Cordilleran Section - 113th Annual Meeting - 2017

Paper No. 19-1
Presentation Time: 1:35 PM

THE DEEP SEA MINING PILOT - AN INTERDISCIPLINARY APPROACH TO DEEP SEA MINING


ELLEFMO, Steinar, Department of Geosciences and Petroleum, Norwegian University of Science and Technology, Trondheim, 7491, Norway, steinare@ntnu.no

Norwegian University of Science (NTNU) has defined four strategic research areas. These four are NTNU Energy, NTNU Health, NTNU Sustainability and NTNU Oceans.

Growth in marine sectors including sea-based renewables, deep-sea mining or surveying and monitoring of the ocean space in tough environments require research and innovation. This calls for an interdisciplinary approach. The JORC code defines mineral resources and reserves and sets out rules for presentation of exploration results and resource and reserve estimations. Traditionally this and similar codes have been applied to onshore mineral deposits, but its principles can and should also be applied to marine minerals. The resource and its classification is a function of the amount and the quality of the available geodata. The definition of reserves is a function of modifying factors that defines boundary conditions on the resource and thereby limits the amount that can be mined.

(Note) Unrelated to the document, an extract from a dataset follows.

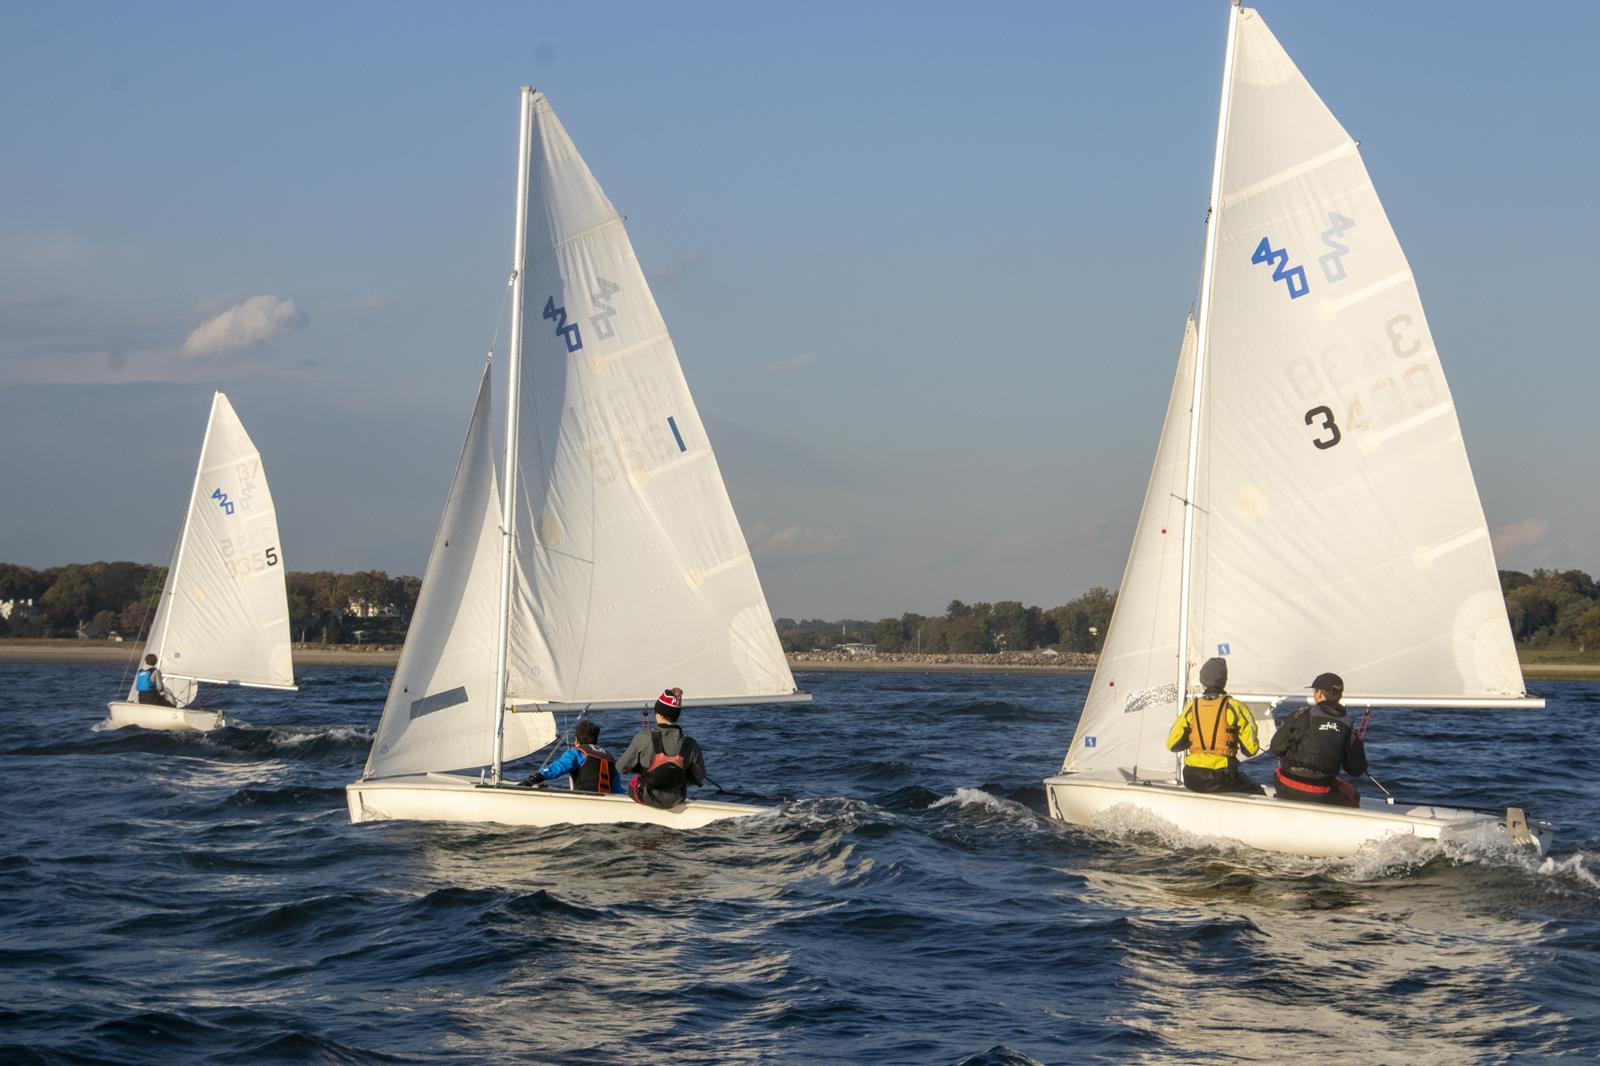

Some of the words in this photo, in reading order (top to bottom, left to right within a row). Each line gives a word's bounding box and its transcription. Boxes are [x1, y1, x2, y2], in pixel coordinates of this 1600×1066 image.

“Plate tectonics is responsible for the resource” and experts from a great variety of disciplines are responsible for the definition of a reserve.

This calls for an interdisciplinary approach when assessing the technical and financial feasibility of mineral deposits on the deep ocean floor. NTNU has responded to this challenge by defining a “deep-sea mining pilot project”. This is an interdisciplinary project with a total of 14 PhD-candidates and post doc fellows that work on topics ranging from ore geology, resource evaluation, marine mineral exploration, platform development, mining system development, vertical transportation, environmental aspects, ethics of deep sea mining, historical development of international laws and regulations and energy supply. This project attacks both the axis along which the mineral resources are classified and the axis along the modifying factors used to define reserves. The presentation will describe the deep-sea mining pilot project and its individual contributions in a mineral resource management perspective.